Unnamed: 0,taxonKey,scientificName,acceptedTaxonKey,acceptedScientificName,numberOfOccurrences,taxonRank,taxonomicStatus,kingdom,kingdomKey,phylum,...,classKey,order,orderKey,family,familyKey,genus,genusKey,species,speciesKey,iucnRedListCategory
15,1002454,"Lecane ludwigii (Eckstein, 1883)",1002454.0,"Lecane ludwigii (Eckstein, 1883)",2,SPECIES,ACCEPTED,Animalia,1,Rotifera,...,307.0,Ploima,1235.0,Lecanidae,8064.0,Lecane,1002167.0,Lecane ludwigii,1002454.0,NE
16,1003652,"Cristatella mucedo Cuvier, 1798",1003652.0,"Cristatella mucedo Cuvier, 1798",26,SPECIES,ACCEPTED,Animalia,1,Bryozoa,...,139.0,Plumatellida,1070.0,Cristatellidae,6907.0,Cristatella,1003651.0,Cristatella mucedo,1003652.0,NE
18,1015506,"Psochodesmus crescentis Cook, 1896",1015506.0,"Psochodesmus crescentis Cook, 1896",20,SPECIES,ACCEPTED,Animalia,1,Arthropoda,...,361.0,Polydesmida,1247.0,Pyrgodesmidae,8241.0,Psochodesmus,1015505.0,Psochodesmus crescentis,1015506.0,NE
19,1019678,"Apheloria kleinpeteri Hoffman, 1949",1019677.0,"Rudiloria kleinpeteri (Hoffman, 1949)",1,SPECIES,SYNONYM,Animalia,1,Arthropoda,...,361.0,Polydesmida,1247.0,Xystodesmidae,4036.0,Rudiloria,1019670.0,Rudiloria kleinpeteri,1019677.0,NE
21,1033457,"Helichus striatus LeConte, 1852",1033457.0,"Helichus striatus LeConte, 1852",900,SPECIES,DOUBTFUL,Animalia,1,Arthropoda,...,216.0,Coleoptera,1470.0,Dryopidae,4732.0,Helichus,9813320.0,Helichus striatus,1033457.0,NE


# calculating the species counts within the dataset

### "how many times does species X occur in this region?"

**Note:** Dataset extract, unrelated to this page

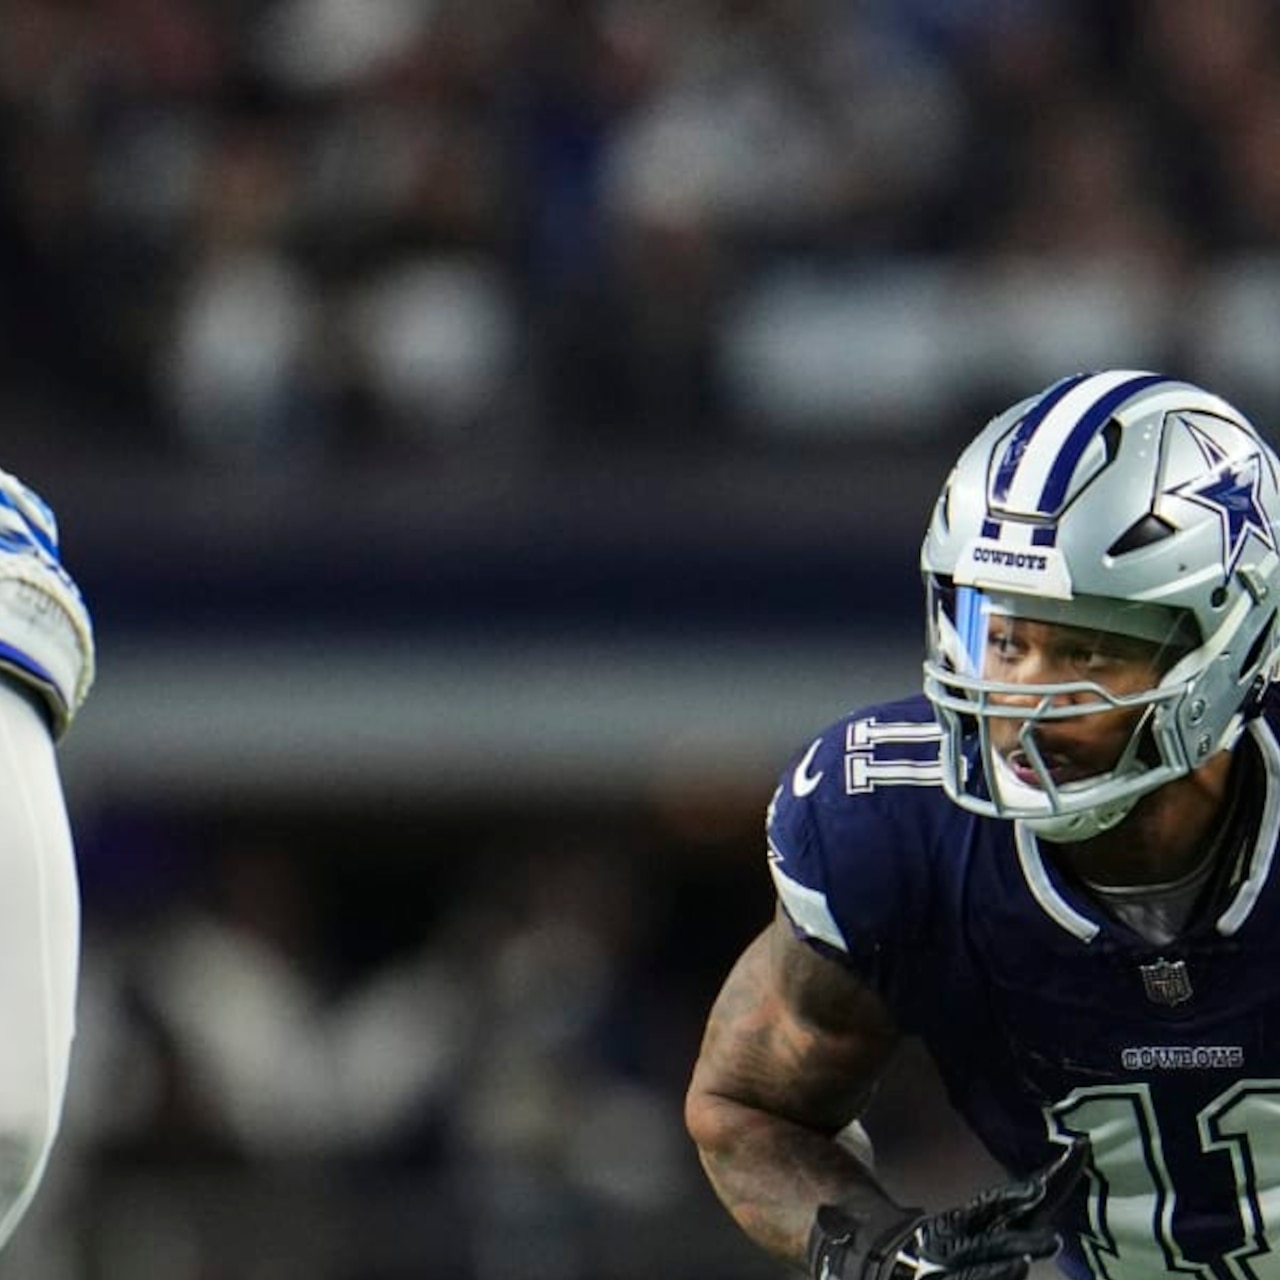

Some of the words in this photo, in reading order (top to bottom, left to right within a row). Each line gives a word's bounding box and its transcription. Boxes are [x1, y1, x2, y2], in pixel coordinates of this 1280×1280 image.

this reduces our dataset size by half. it should also, therefore reduce our memory problems by half(ish).

but another thing worth noting: many of these columns are duplicates for "acceptedScientificName". why is that?  it is because each of these datasets contains a comprehensive record of all the species sightings reported for a particular geographic region. so, the north american dataset may contain many rows for _Acer saccharum_ (sugar maple). this is because the sugar maple is a very common species on this continent. understanding this facet of the data can help us to understand what to do with them if we want to save memory while still answering our question. for example, some of the proposed questions may simply require a list of all the unique species reported within a region to perform comparisons. no problem-- we can do that easily:

In [11]:
sp_list = sp_only['species'].unique()
len(sp_list)

225716

alternatively, we may actually _want_ those non-unique values because they allow us to construct a probability distribution for species counts ("which species occur more frequently than others?")

In [9]:
sp_counts = pd.DataFrame(pd.DataFrame(sp_only['species']).groupby("species").size())
sp_counts.columns = ["count"]
sp_counts.head()

Unnamed: 0_level_0,count
species,Unnamed: 1_level_1
Aa achalensis,1
Aaptoryctes ivyi,1
Aaptos aaptos,1
Aaptos bergmanni,1
Aaptos simplex,1




this cell gives us a dataframe where one column is the species name and the other column is the number of times that species is found in that region.



# write to file

so we have simplifed our data, but the memory overhead is still great. how can we fix this? unfortunately, our workflow in jupyter is set up such that the easiest thing to do is probably just to write our modified data to a new file like so:


In [29]:
sp_counts.to_csv("GBIF_can_us_species_counts.csv")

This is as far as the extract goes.